本発明は、生体試料中のビタミンA濃度を簡便に測定する方法に関する。
肉牛、とくに高品質牛肉である和牛生産においては、筋肉中の脂肪交雑を高めることにより肉の評価が上がる。このため、脂肪の分解を促進する機能を持つビタミンAの給餌量を極端に減少させて脂肪交雑を誘導するビタミンコントロールと呼ばれる飼育管理方法が近年では主流となっている。しかしながら、ビタミンAの極端な不足は、肝機能低下などによる健康障害を起こし、また筋肉水腫や筋炎の発生による肉質低下をきたすことが大きな問題となる。このため、牛の栄養状態を知り、前述のような問題発生を防ぐため、血液中のビタミンA濃度を測定することが行われている。
ビタミンA濃度の測定には、高速液体クロマトグラフィー(HPLC)が一般に用いられている。
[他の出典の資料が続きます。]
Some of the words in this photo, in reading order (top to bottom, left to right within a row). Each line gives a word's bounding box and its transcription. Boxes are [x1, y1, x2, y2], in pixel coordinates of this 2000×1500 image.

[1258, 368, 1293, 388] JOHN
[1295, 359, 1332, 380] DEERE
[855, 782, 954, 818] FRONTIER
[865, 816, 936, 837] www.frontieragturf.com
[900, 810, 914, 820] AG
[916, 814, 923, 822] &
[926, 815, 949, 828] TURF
しかし獣医師等が現場で血液を採取し、持ち帰った後、検査機関に測定を依頼するケースがほとんどで、検査結果が出るのは数日後であり、もしビタミンAが不足、あるいは超過していても即時的な対処が出来ないという欠点がある。
例えば、特許文献1および特許文献2には、血清から有機溶剤で抽出したビタミンAに特定波長の光を照射することにより、ビタミンAを定量する方法が記載されている。しかしながら、この方法は、血清を遠心分離した後、さらにタンパク除去操作およびヘプタンによるビタミンA成分の抽出操作が必要であり、現場で実施するには操作が煩雑であり、時間や手間が掛かるといった問題がある。
特開2010-230447号 特開2015-169627号
本発明は、肉牛等の飼育現場において生体試料(血液)中のビタミンA濃度を迅速、簡便、安価に測定する方法を提供することを目的とする。
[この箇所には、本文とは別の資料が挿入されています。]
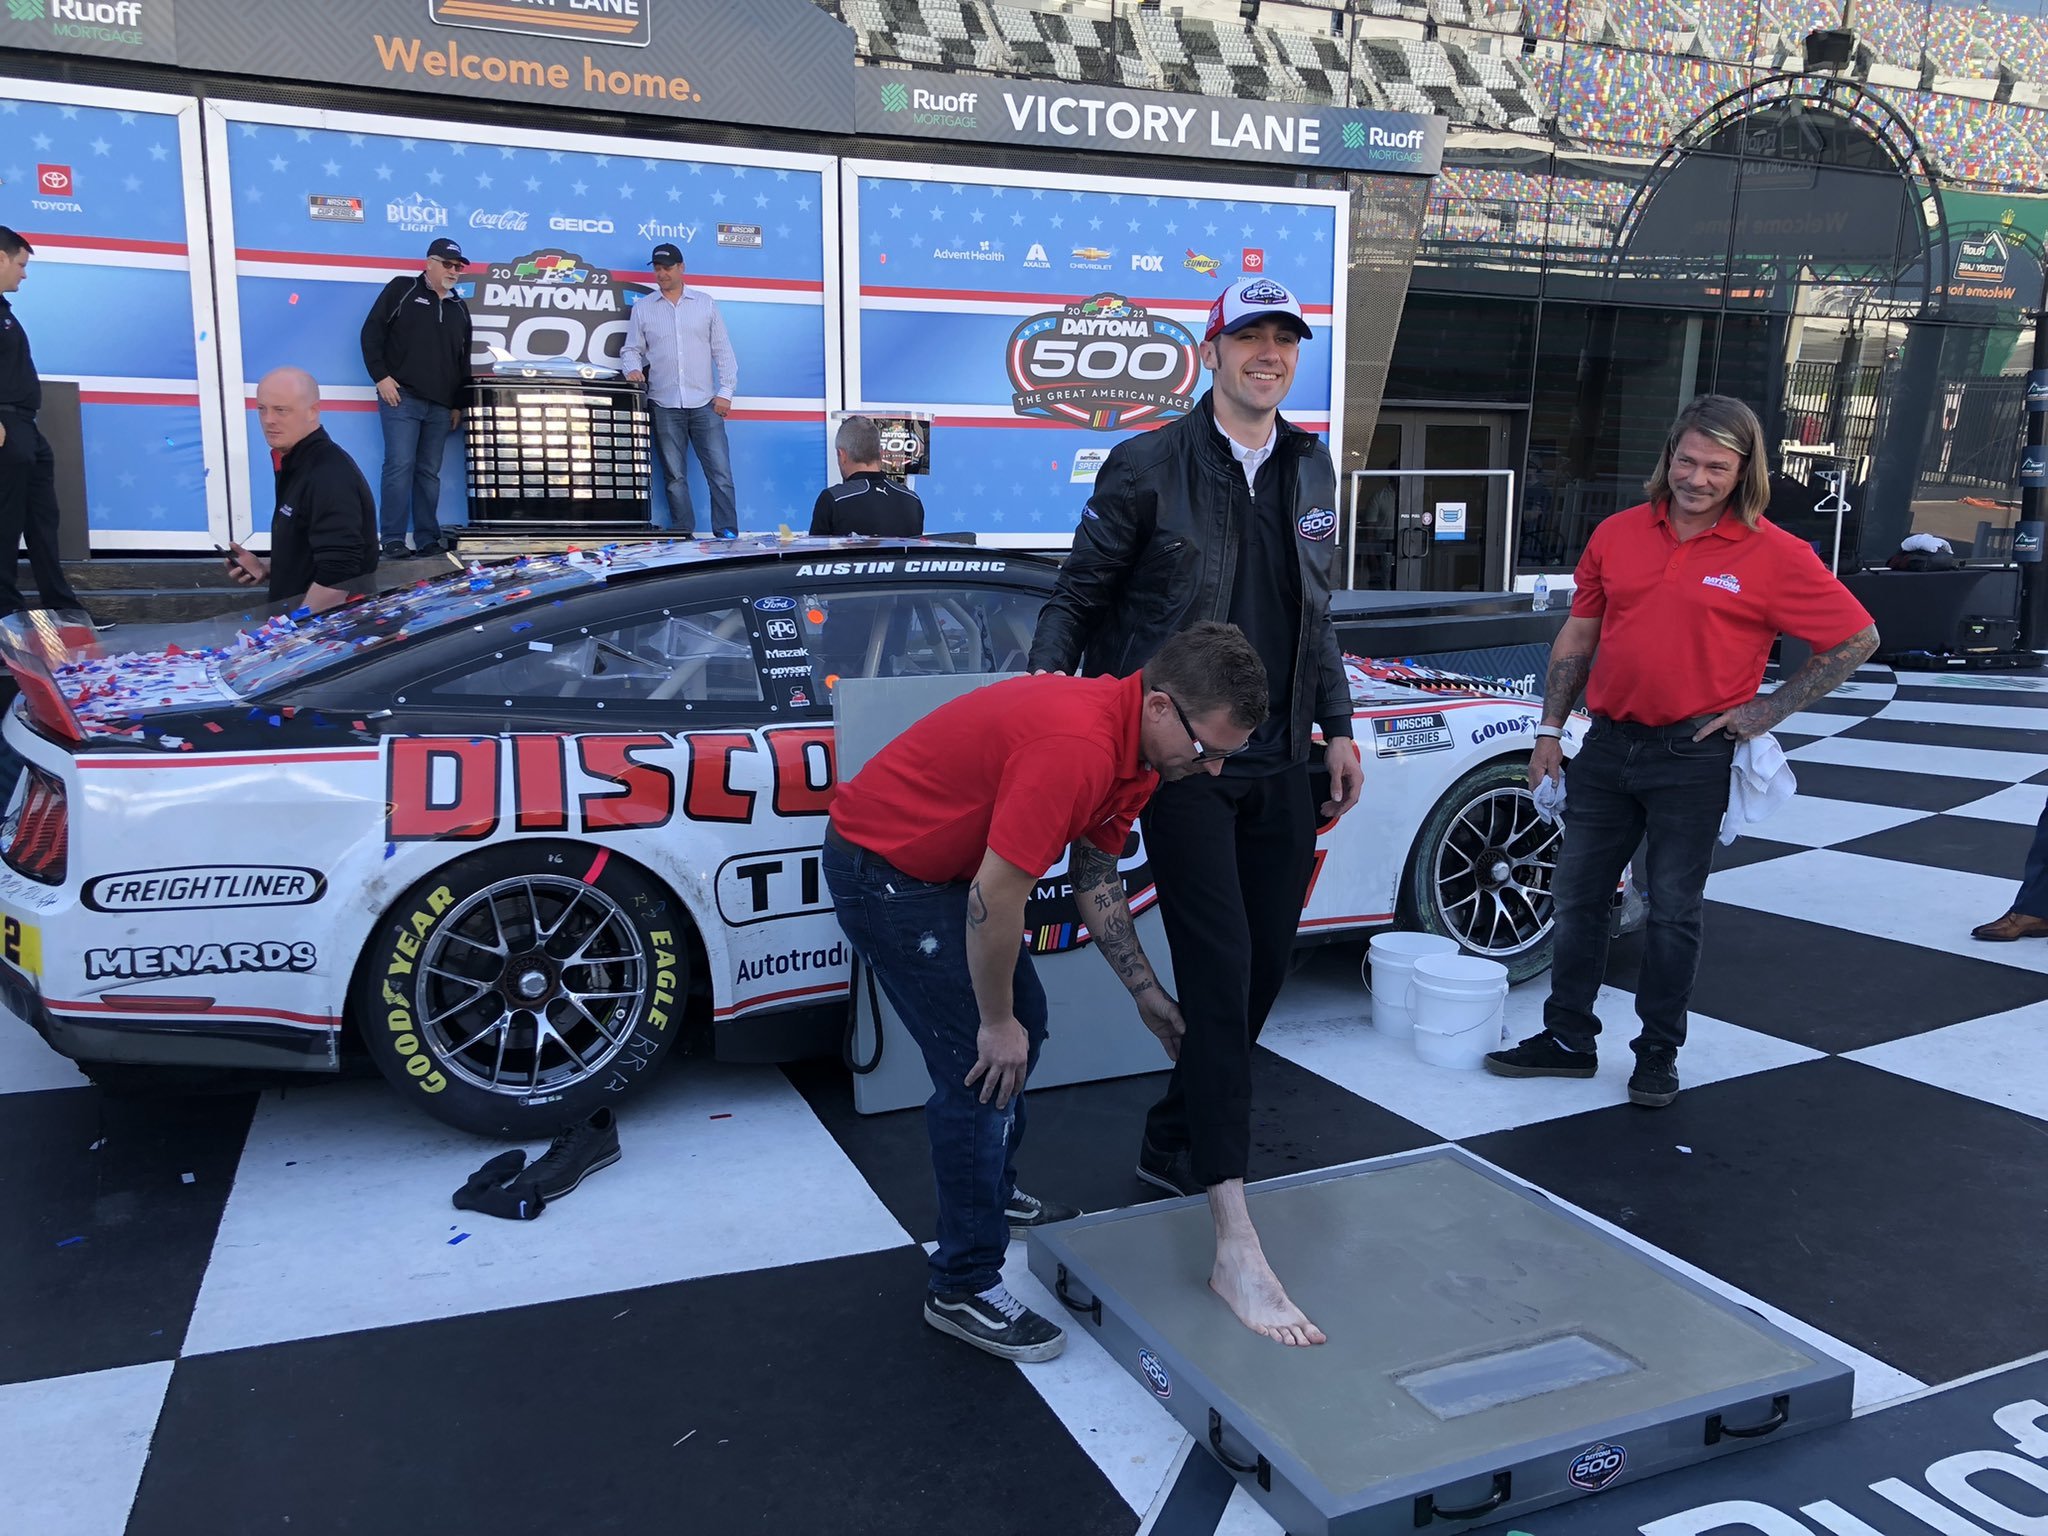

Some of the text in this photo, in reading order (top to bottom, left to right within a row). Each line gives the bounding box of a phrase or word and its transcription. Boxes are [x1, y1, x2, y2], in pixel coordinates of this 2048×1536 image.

本発明者は、前記課題を解決するために鋭意検討した結果、以下に示す手段により上記課題を解決できることを見出し、本発明に到達した。
すなわち、本発明は、以下の構成からなる。
(1) 生体試料、競合試薬、および検体希釈液を混合して生体試料希釈液を調製する工程、
前記生体試料希釈液をイムノクロマトストリップ上に滴下、展開させる工程、
前記競合試薬と前記生体試料中のビタミンAとを競合的に前記イムノクロマトストリップのテストラインに捕捉させる工程、
を含む、生体試料中のビタミンAを定量する方法であって、
前記生体試料1mlあたり前記競合試薬を10ng~10μg添加することを特徴とする定量方法。
(2) 前記競合試薬は、ビタミンAと化合物との複合体を含むことを特徴とする(1)に記載の定量方法。
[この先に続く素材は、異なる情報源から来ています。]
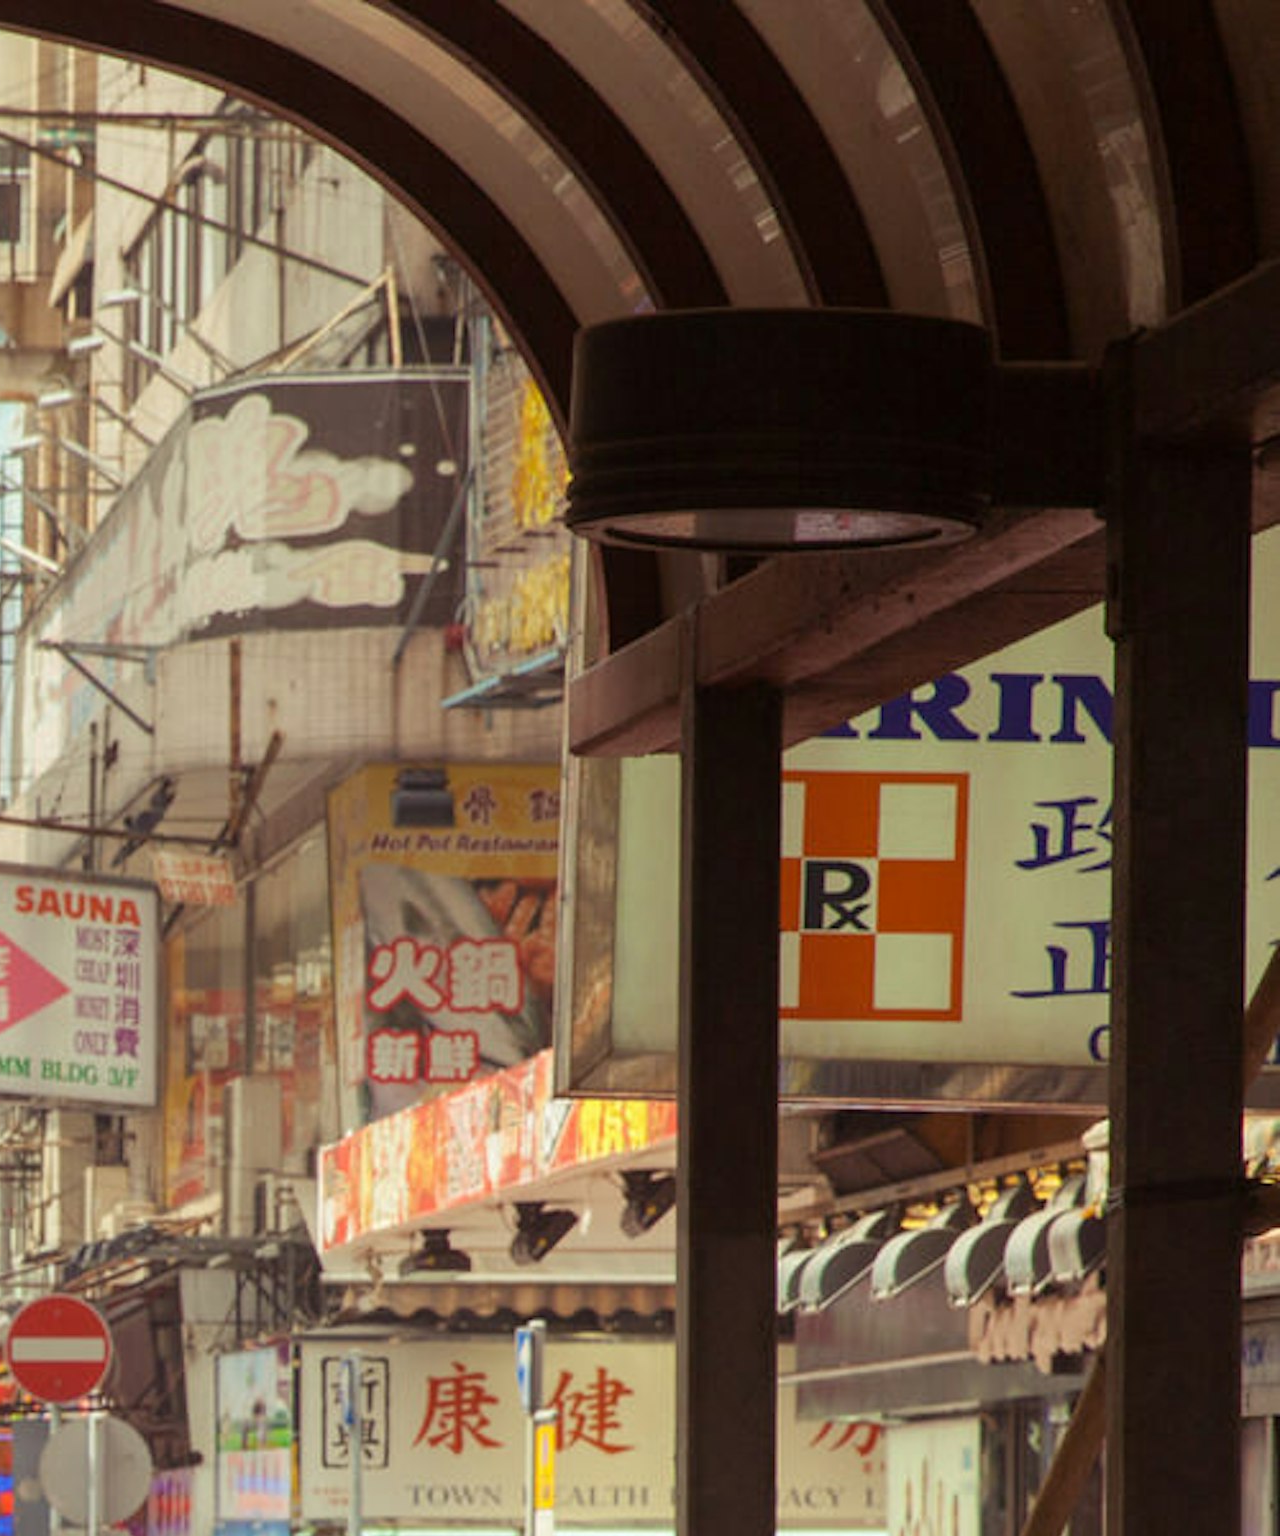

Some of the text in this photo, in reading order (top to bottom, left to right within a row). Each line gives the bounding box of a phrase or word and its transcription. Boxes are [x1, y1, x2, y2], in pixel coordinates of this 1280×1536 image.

(3) 前記化合物は、ビオチンである、(1)または(2)に記載の定量方法。
(4) 前記イムノクロマトストリップは、試料添加部材、膜担体、吸収部材が順に連接配置されており、前記膜担体は、抗ビタミンA抗体が固定されたテストラインを備えることを特徴とする(1)~(3)のいずれかに記載の定量方法。
(5) 前記イムノクロマトストリップは、試料添加部材と膜担体との間に含浸部材が配置されており、前記含浸部材に標識体が含浸されていることを特徴とする(4)に記載の定量方法。
(6) 前記生体試料は、血液または血漿または血清である、(1)~(5)のいずれかに記載の定量方法。
本発明により、肉牛の生産現場において生体試料(血液)中のビタミンA濃度を迅速、簡便、安価に測定することが可能となる。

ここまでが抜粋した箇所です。